When administered inappropriately, first-trimester misoprostol and/or methotrexate for induction of abortion can result in damage to a continuing pregnancy. In 1998, it became apparent that misoprostol, a synthetic prostaglandin E1 analog used in the prophylaxis and treatment of peptic ulcers, was being used to induce abortion in South and Central America where abortions are illegal. A study of 42 infants from São Paulo, Brazil, who were exposed to misoprostol during the first trimester revealed distinctive patterns of birth defects due to vascular disruption: 17 infants had equinovarus with cranial nerve defects and 10 had equinovarus as part of more extensive arthrogryposis. The most distinctive phenotypes were arthrogryposis confined to the legs (five cases) and terminal transverse limb defects (nine cases) with or without Möbius syndrome. In a study of 265 women exposed to misoprostol during the first trimester and followed through delivery, the main indication for misoprostol was voluntary abortion (60.9%). Ten major malformations (5.5%; 95% CI: 2.65–9.82%) were reported, and five of them were consistent with the pattern of malformations attributed to misoprostol: Möbius sequence, hydrocephalus, terminal transverse limb reduction associated with a clubfoot, syndactyly, and posterior encephalocele. A prospective study of first-trimester misoprostol exposure after medical prescriptions found the malformation rate was higher among 236 exposed pregnancies (4%) than in 255 controls (1.8%). Three malformations in the exposed group were consistent with the misoprostol-specific spectrum (2%). In a systematic review and metaanalysis of 4899 cases of congenital anomalies and 5742 controls, prenatal exposure to misoprostol was associated with an increased risk of Möbius sequence and terminal transverse limb defects.

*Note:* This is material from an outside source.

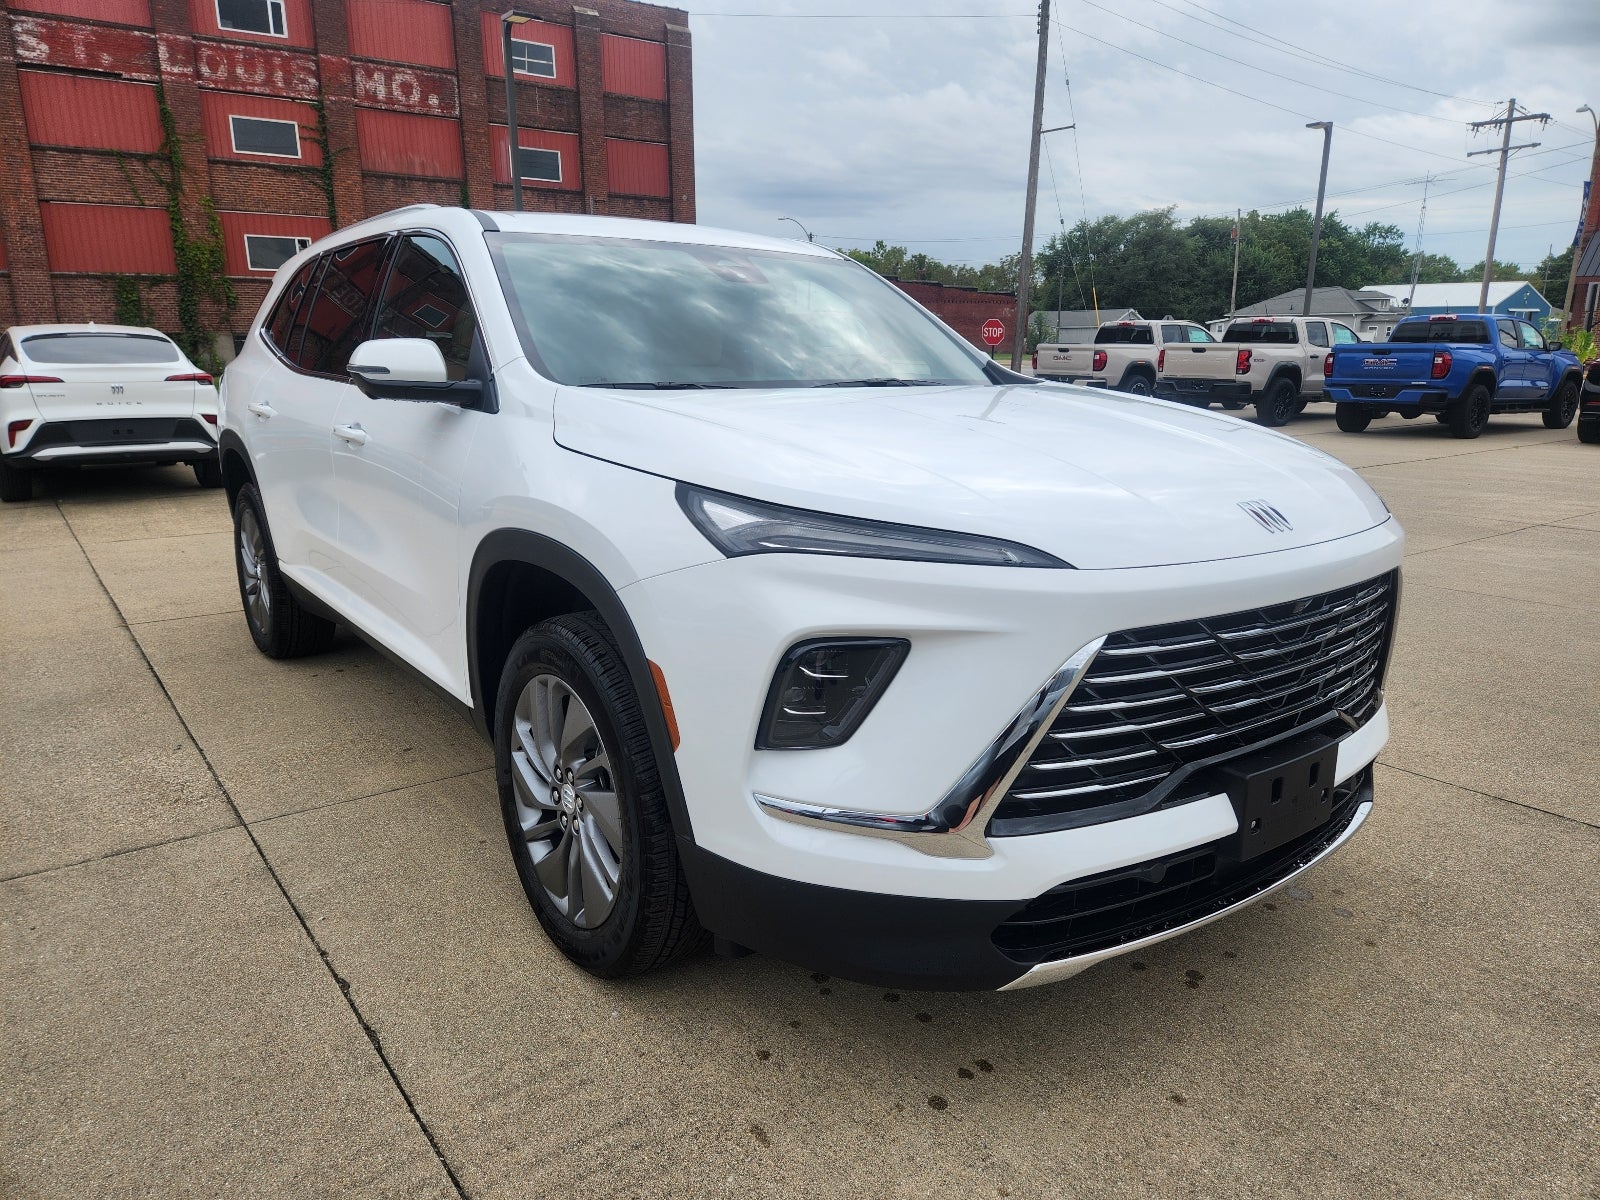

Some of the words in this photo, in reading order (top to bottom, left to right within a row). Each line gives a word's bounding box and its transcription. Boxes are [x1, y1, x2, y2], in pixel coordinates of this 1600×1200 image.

[158, 38, 319, 90] LOUIS
[983, 327, 1003, 338] STOP
[1363, 358, 1398, 366] GMC

Methotrexate is a folate antagonist that is used to treat malignancies and rheumatoid or inflammatory autoimmune diseases. It is also used for the nonsurgical treatment of ectopic pregnancies and the elective termination of pregnancy, and it is teratogenic when used in high doses for cancer or termination of tubal pregnancy. A prospective study of women exposed to low-dose methotrexate for rheumatologic conditions revealed one case of typical methotrexate embryopathy ( Fig. 50.3 ) among the eight exposed pregnancies. Among 188 postconception methotrexate-exposed pregnancies at dosages typically used in the treatment of rheumatic diseases, there was an increased risk of spontaneous abortion (42.5%) and major birth defects (6.6%) when compared to a cohort of disease-matched controls and to women without autoimmune disease. Occasionally, methotrexate and misoprostol are used together to terminate a pregnancy. Data from eight patients who were exposed to both medications in the first trimester indicated a significant teratogenic risk. Reported anomalies included growth deficiency, absence or hypoplasia of the frontal bones, craniosynostosis, large fontanelle, ocular hypertelorism, short palpebral fissures, wide nasal bridge, malformed and low-set ears, micrognathia, syndactyly, short forearms, missing ribs, dislocated hips, and talipes equinovarus.